What is being asked:
Copy the full listing exactly.

Data provided:

┄┄┄┄┄┄┄┄┄┄

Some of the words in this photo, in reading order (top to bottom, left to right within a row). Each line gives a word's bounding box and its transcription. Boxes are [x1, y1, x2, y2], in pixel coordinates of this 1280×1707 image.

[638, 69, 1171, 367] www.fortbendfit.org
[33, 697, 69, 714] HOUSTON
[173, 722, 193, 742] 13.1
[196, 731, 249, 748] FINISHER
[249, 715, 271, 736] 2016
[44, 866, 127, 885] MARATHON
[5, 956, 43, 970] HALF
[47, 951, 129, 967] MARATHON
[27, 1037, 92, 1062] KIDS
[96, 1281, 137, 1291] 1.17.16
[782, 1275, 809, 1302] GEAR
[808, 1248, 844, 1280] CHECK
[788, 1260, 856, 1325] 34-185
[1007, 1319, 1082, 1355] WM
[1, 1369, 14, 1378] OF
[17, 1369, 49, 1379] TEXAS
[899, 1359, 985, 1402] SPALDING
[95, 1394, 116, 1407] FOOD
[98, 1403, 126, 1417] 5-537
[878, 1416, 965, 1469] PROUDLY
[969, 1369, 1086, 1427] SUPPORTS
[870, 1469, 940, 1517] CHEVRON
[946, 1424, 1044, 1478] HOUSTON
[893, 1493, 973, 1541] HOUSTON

┄┄┄┄┄┄┄┄┄┄

Exercise response:
Some of the words in this photo, in reading order (top to bottom, left to right within a row). Each line gives a word's bounding box and its transcription. Boxes are [x1, y1, x2, y2], in pixel coordinates of this 1280×1707 image.

[638, 69, 1171, 367] www.fortbendfit.org
[33, 697, 69, 714] HOUSTON
[173, 722, 193, 742] 13.1
[196, 731, 249, 748] FINISHER
[249, 715, 271, 736] 2016
[44, 866, 127, 885] MARATHON
[5, 956, 43, 970] HALF
[47, 951, 129, 967] MARATHON
[27, 1037, 92, 1062] KIDS
[96, 1281, 137, 1291] 1.17.16
[782, 1275, 809, 1302] GEAR
[808, 1248, 844, 1280] CHECK
[788, 1260, 856, 1325] 34-185
[1007, 1319, 1082, 1355] WM
[1, 1369, 14, 1378] OF
[17, 1369, 49, 1379] TEXAS
[899, 1359, 985, 1402] SPALDING
[95, 1394, 116, 1407] FOOD
[98, 1403, 126, 1417] 5-537
[878, 1416, 965, 1469] PROUDLY
[969, 1369, 1086, 1427] SUPPORTS
[870, 1469, 940, 1517] CHEVRON
[946, 1424, 1044, 1478] HOUSTON
[893, 1493, 973, 1541] HOUSTON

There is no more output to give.